During the early stages of the project it became clear that a facility for rapid prototyping of silicon suspensions would be of great value. Therefore, significant effort was devoted to establishing a process for laser micromachining of silicon structures, using UV laser facilities in the host research group. This made possible the rapid fabrication of silicon beams with aspect ratios similar to those achievable with traditional MEMS fabrication. Moreover, the same process could be used for trimming devices to compensate for dimensional errors arising during fabrication. The processes developed in the course of this work are not only relevant to micro-energy harvesting, but should also be of interest to the wider MEMS community.
Using the force composition method, a number of silicon suspensions suitable for use in low-frequency energy harvesting were designed.
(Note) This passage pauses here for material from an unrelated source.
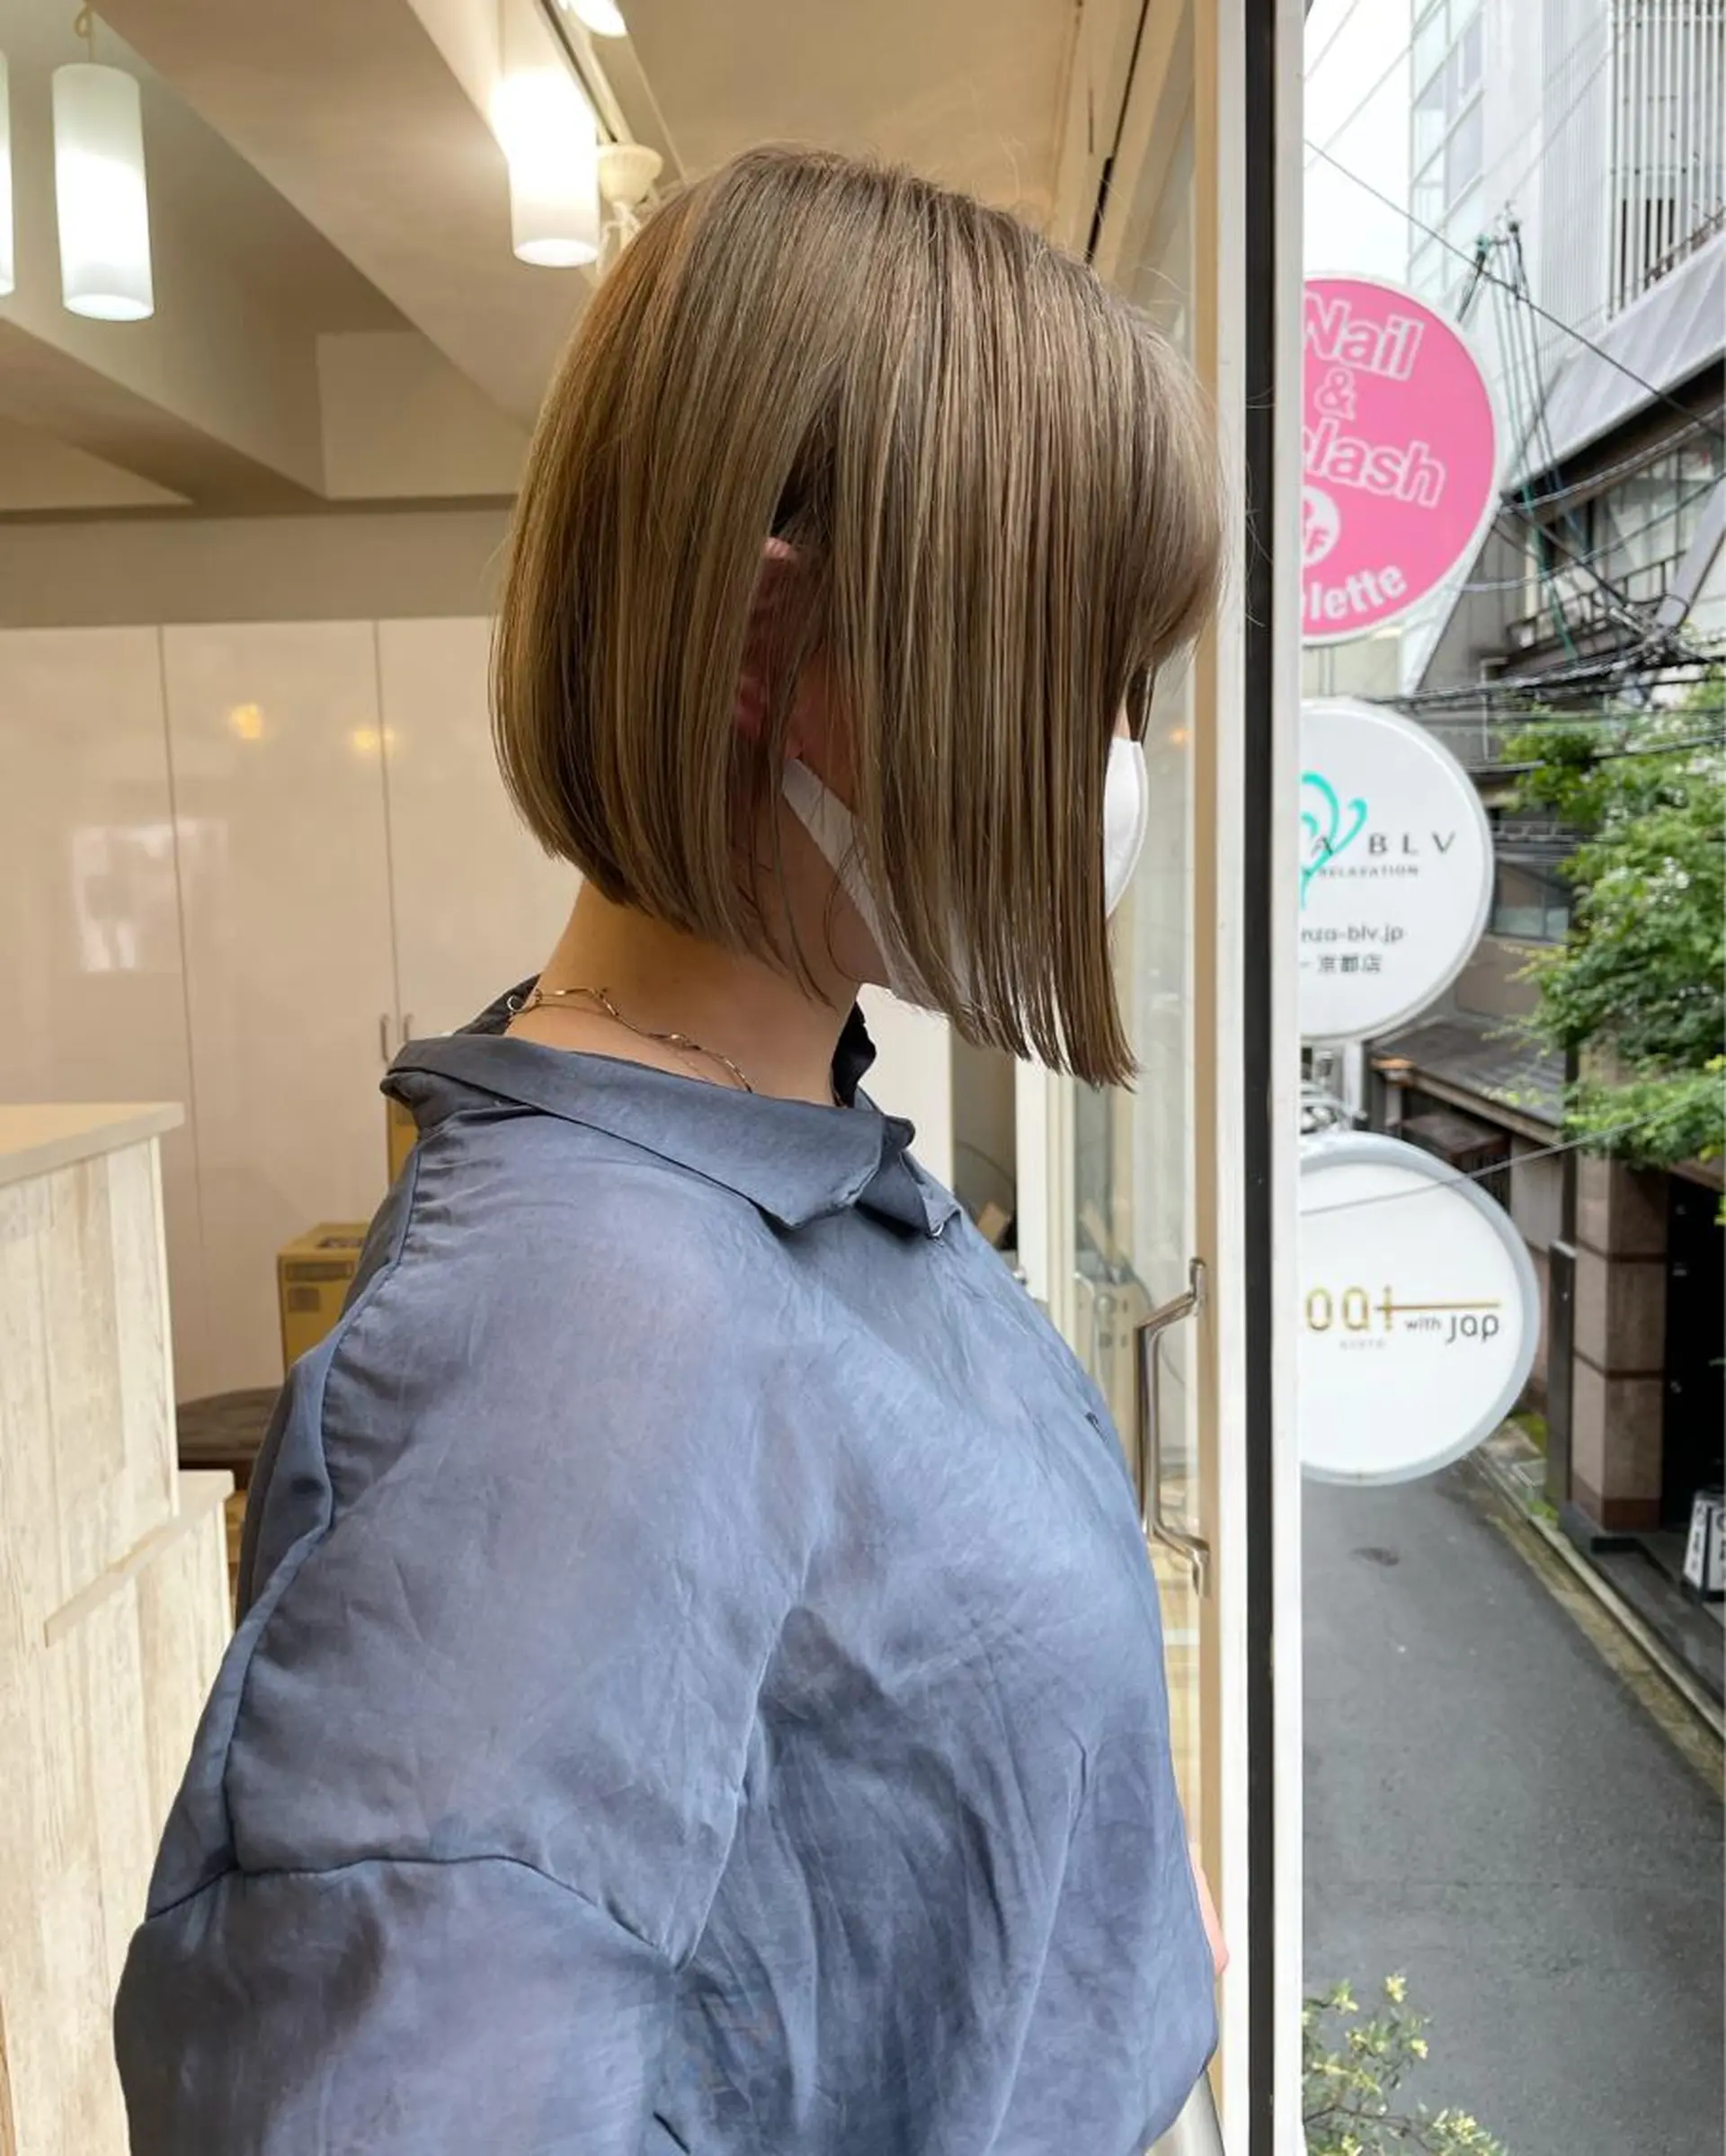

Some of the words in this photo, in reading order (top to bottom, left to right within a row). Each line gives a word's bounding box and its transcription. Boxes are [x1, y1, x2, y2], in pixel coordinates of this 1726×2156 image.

[1304, 292, 1424, 381] Nail
[1311, 366, 1356, 421] &
[1303, 565, 1408, 621] lette
The expected performance of these structures was verified by finite element analysis. Prototype devices were fabricated in the host laboratories, both by tradition microfabrication based on deep reactive ion etching, and also by laser micromachining. Overall this research project has opened up an entirely new way to design micro energy harvesters for low frequencies, ultimately enabling low power portable electrics to run for the lifetime of the device, impacting everyone, every day.
The project was hosted by the Optical and Semiconductor Devices Group, Department of Electrical and Electronic Engineering, Imperial College London. The project duration was 15 months.